**ABOUT THIS TASK**. Return the data below unchanged. Drop any pictures.

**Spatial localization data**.
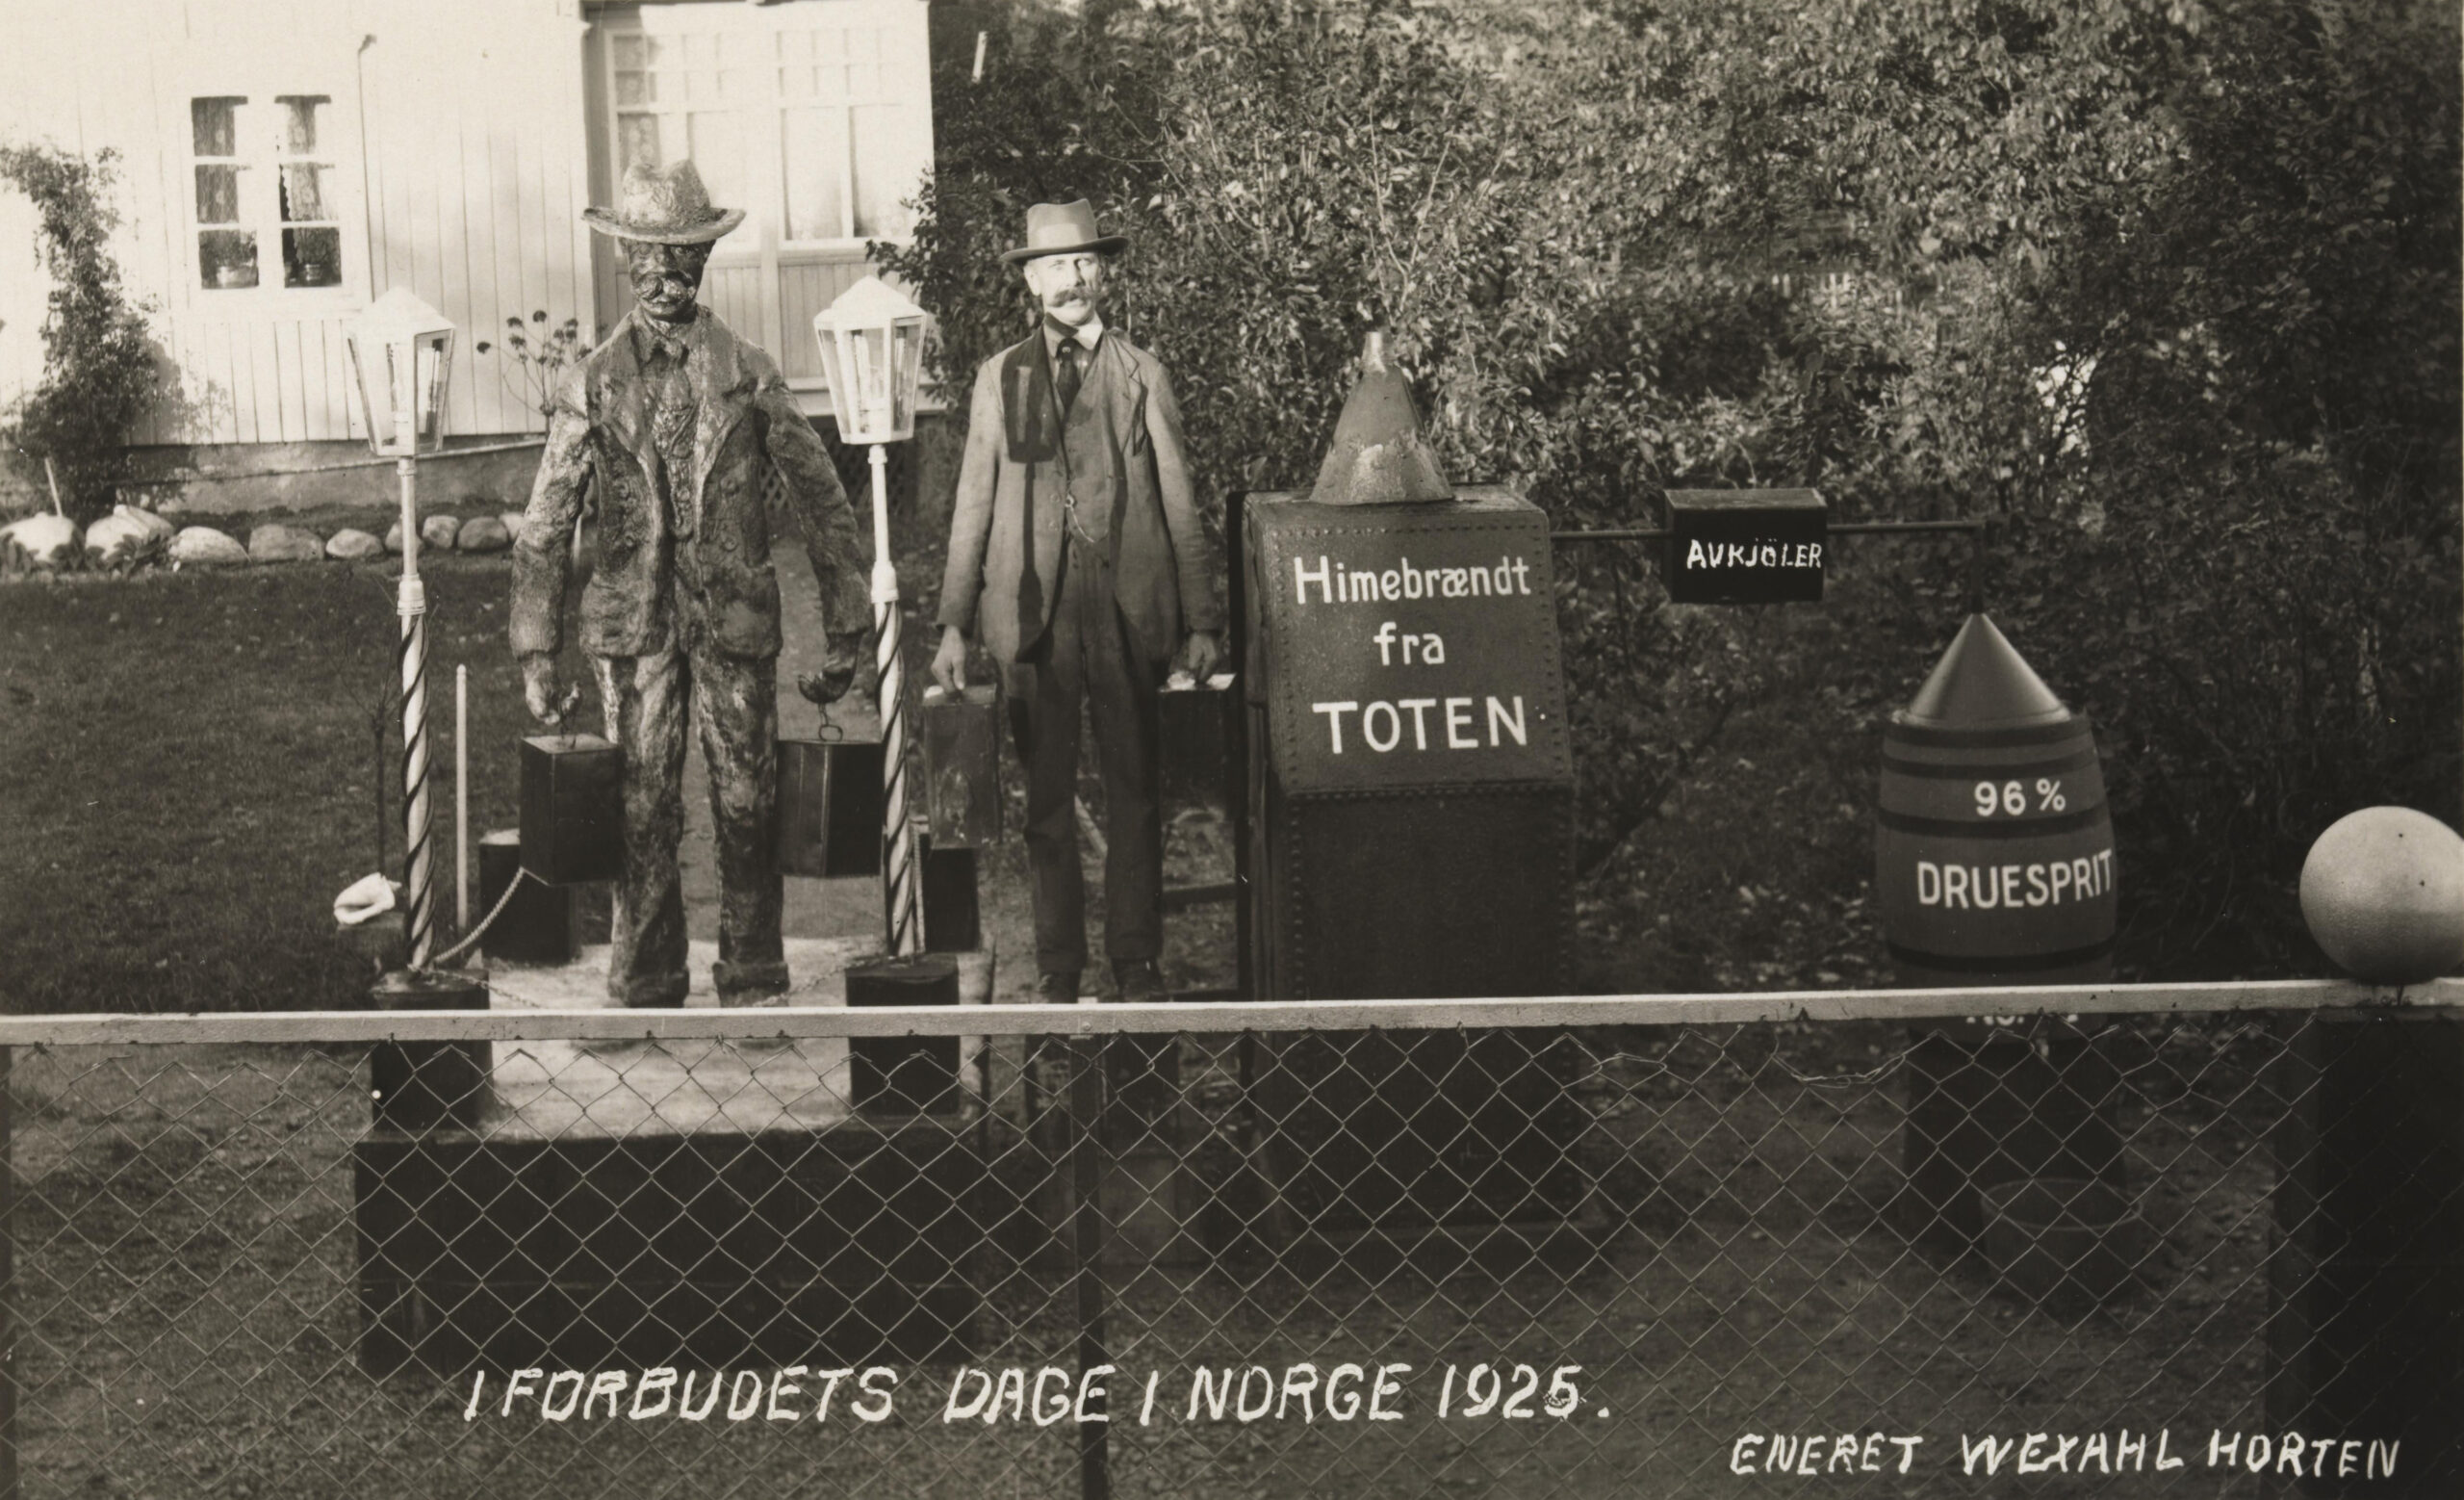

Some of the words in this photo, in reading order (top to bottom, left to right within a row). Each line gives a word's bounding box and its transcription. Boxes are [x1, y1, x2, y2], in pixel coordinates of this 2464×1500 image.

[1293, 555, 1531, 606] Himebrændt
[1373, 621, 1445, 666] fra
[1312, 696, 1527, 754] TOTEN
[1916, 848, 2113, 910] DRUESPRIT

**THE COMPLETED TASK**.
Some of the words in this photo, in reading order (top to bottom, left to right within a row). Each line gives a word's bounding box and its transcription. Boxes are [x1, y1, x2, y2], in pixel coordinates of this 2464×1500 image.

[1293, 555, 1531, 606] Himebrændt
[1373, 621, 1445, 666] fra
[1312, 696, 1527, 754] TOTEN
[1916, 848, 2113, 910] DRUESPRIT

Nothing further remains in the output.